What the exercise asks
Only the text of the records belongs in the answer; the pictures must be dropped.

[Stored items]
§ §

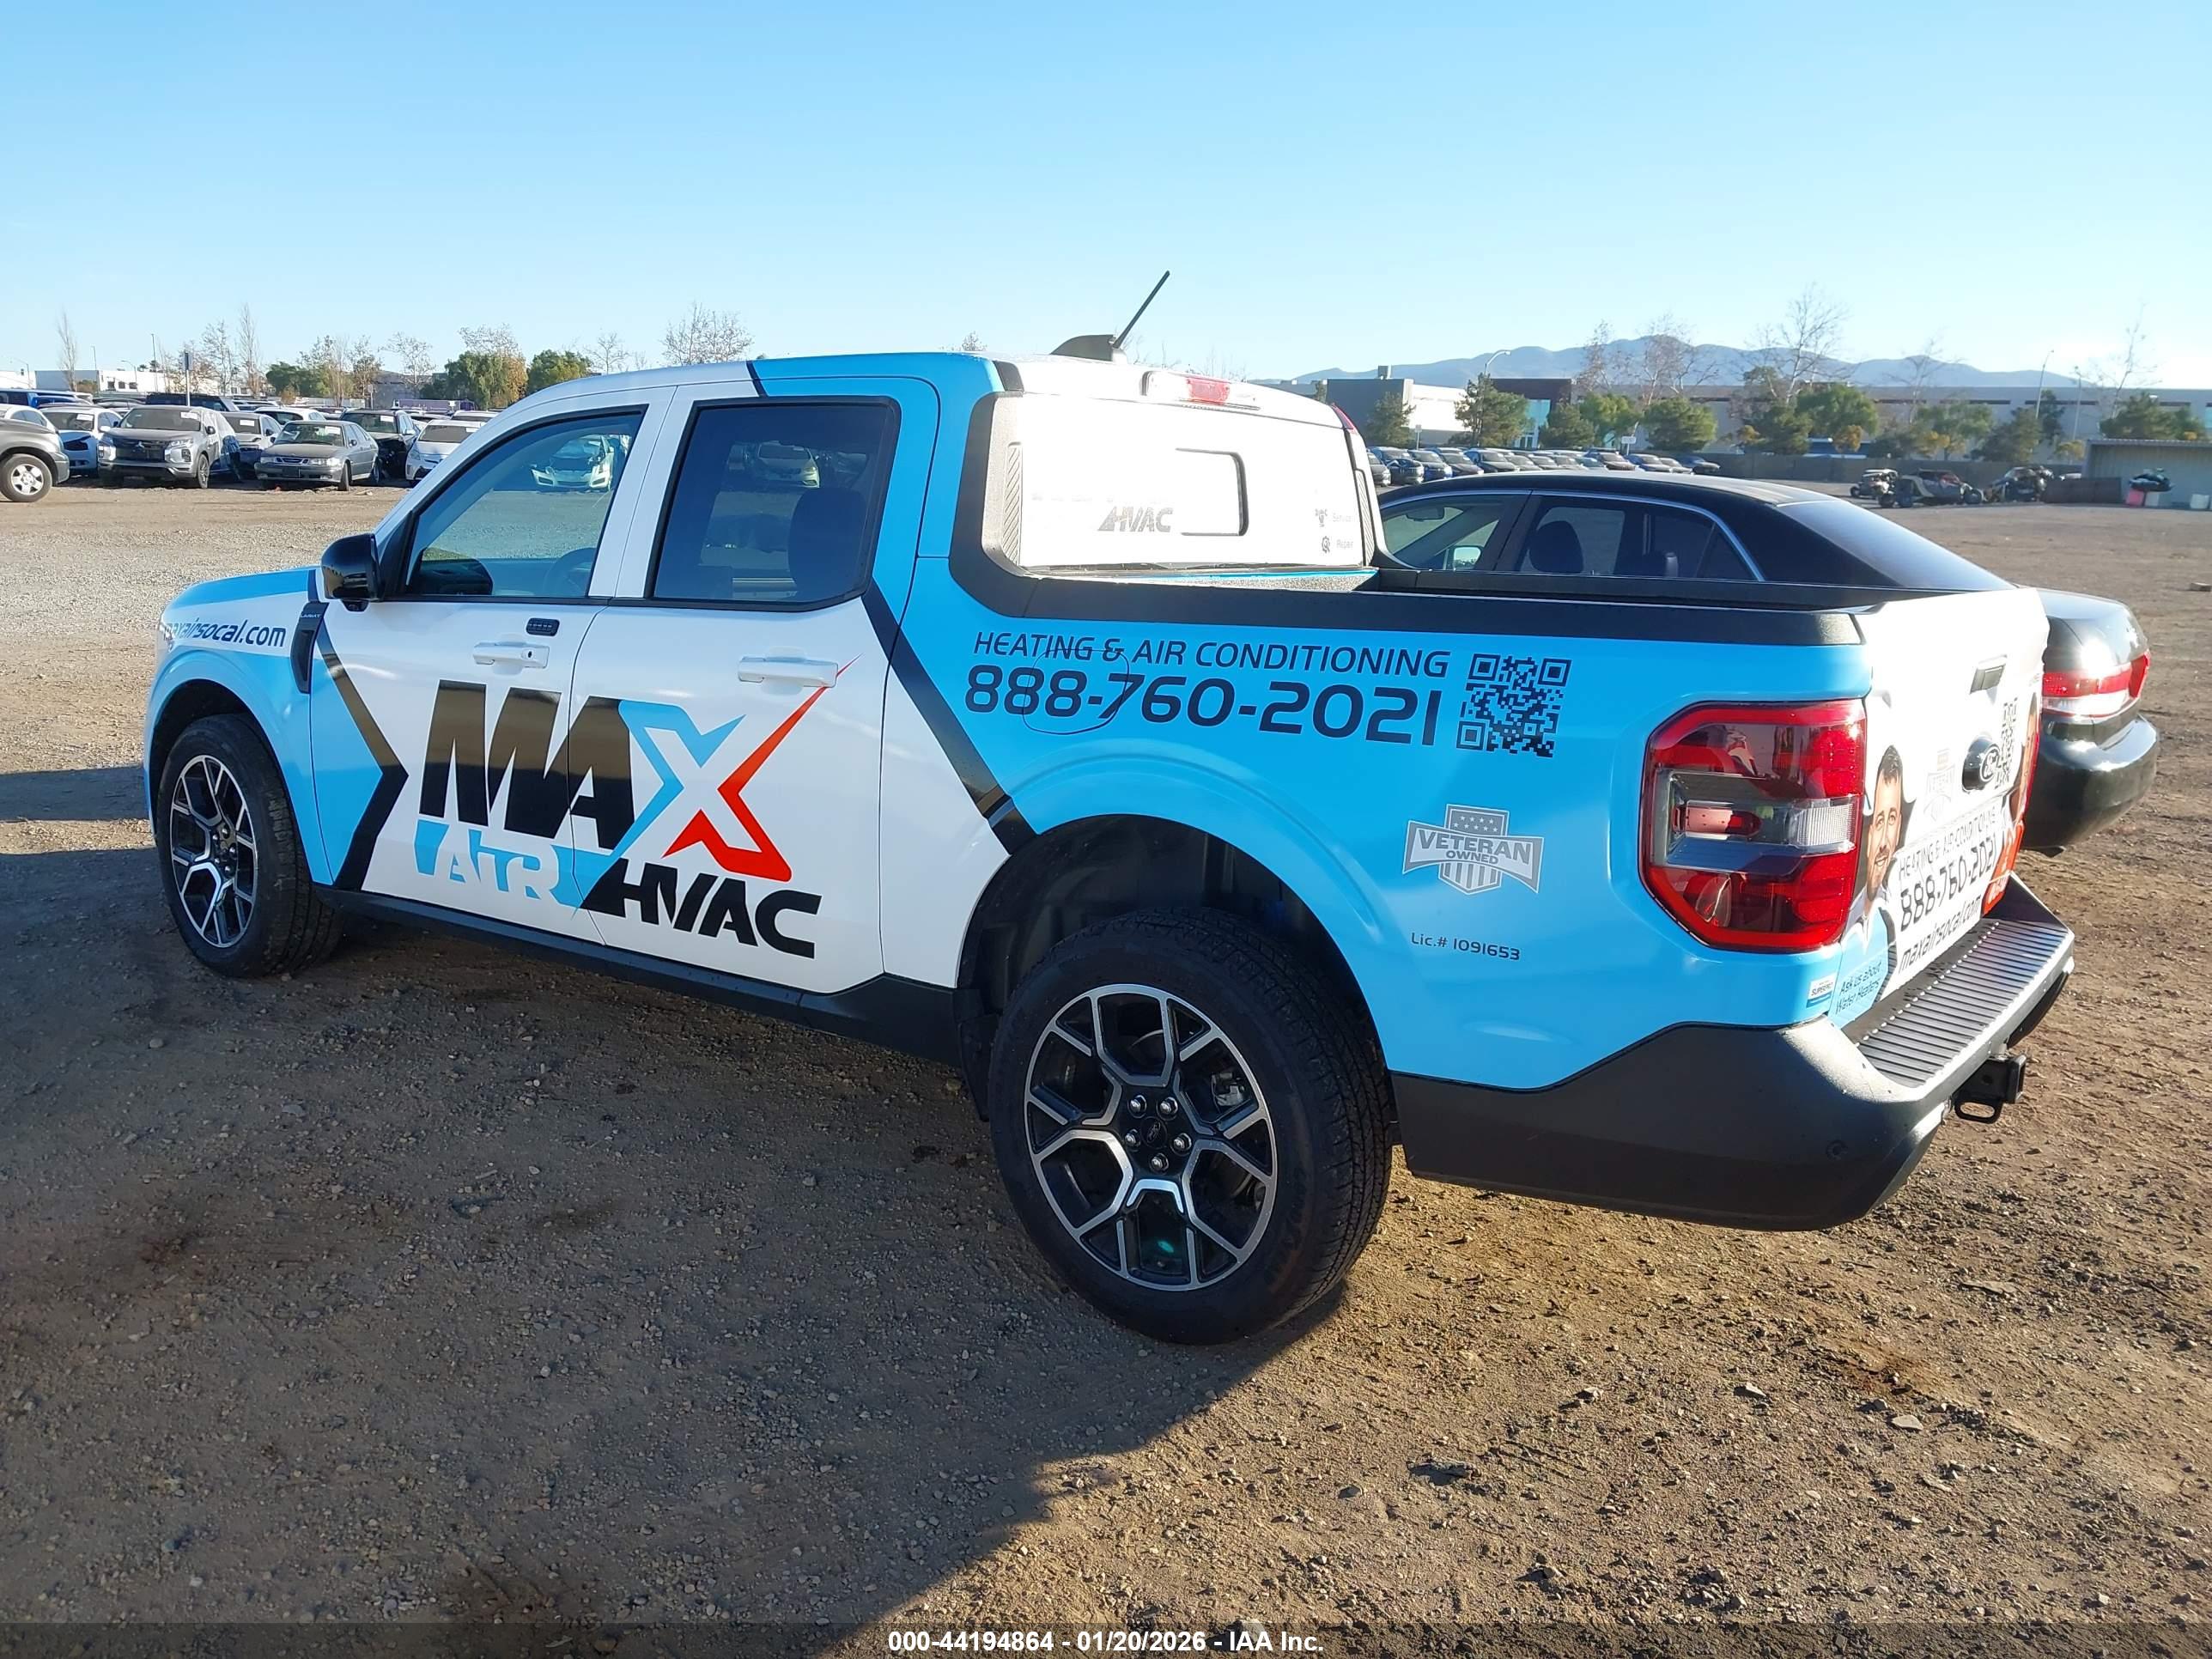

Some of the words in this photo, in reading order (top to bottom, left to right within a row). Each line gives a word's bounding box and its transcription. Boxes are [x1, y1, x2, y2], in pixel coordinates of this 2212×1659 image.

[1097, 506, 1174, 533] HVAC
[974, 632, 1093, 661] HEATING
[1102, 637, 1123, 661] &
[1132, 640, 1187, 667] AIR
[1195, 641, 1450, 678] CONDITIONING
[965, 665, 1442, 746] 888-760-2021
[419, 656, 862, 883] MAX
[1419, 830, 1531, 865] VETERAN
[1446, 850, 1499, 865] OWNED
[583, 858, 823, 960] HVAC
[1411, 933, 1448, 948] Lic.#
[1453, 938, 1521, 961] 1091653

§ §

Result of this task
Some of the words in this photo, in reading order (top to bottom, left to right within a row). Each line gives a word's bounding box and its transcription. Boxes are [x1, y1, x2, y2], in pixel coordinates of this 2212×1659 image.

[1097, 506, 1174, 533] HVAC
[974, 632, 1093, 661] HEATING
[1102, 637, 1123, 661] &
[1132, 640, 1187, 667] AIR
[1195, 641, 1450, 678] CONDITIONING
[965, 665, 1442, 746] 888-760-2021
[419, 656, 862, 883] MAX
[1419, 830, 1531, 865] VETERAN
[1446, 850, 1499, 865] OWNED
[583, 858, 823, 960] HVAC
[1411, 933, 1448, 948] Lic.#
[1453, 938, 1521, 961] 1091653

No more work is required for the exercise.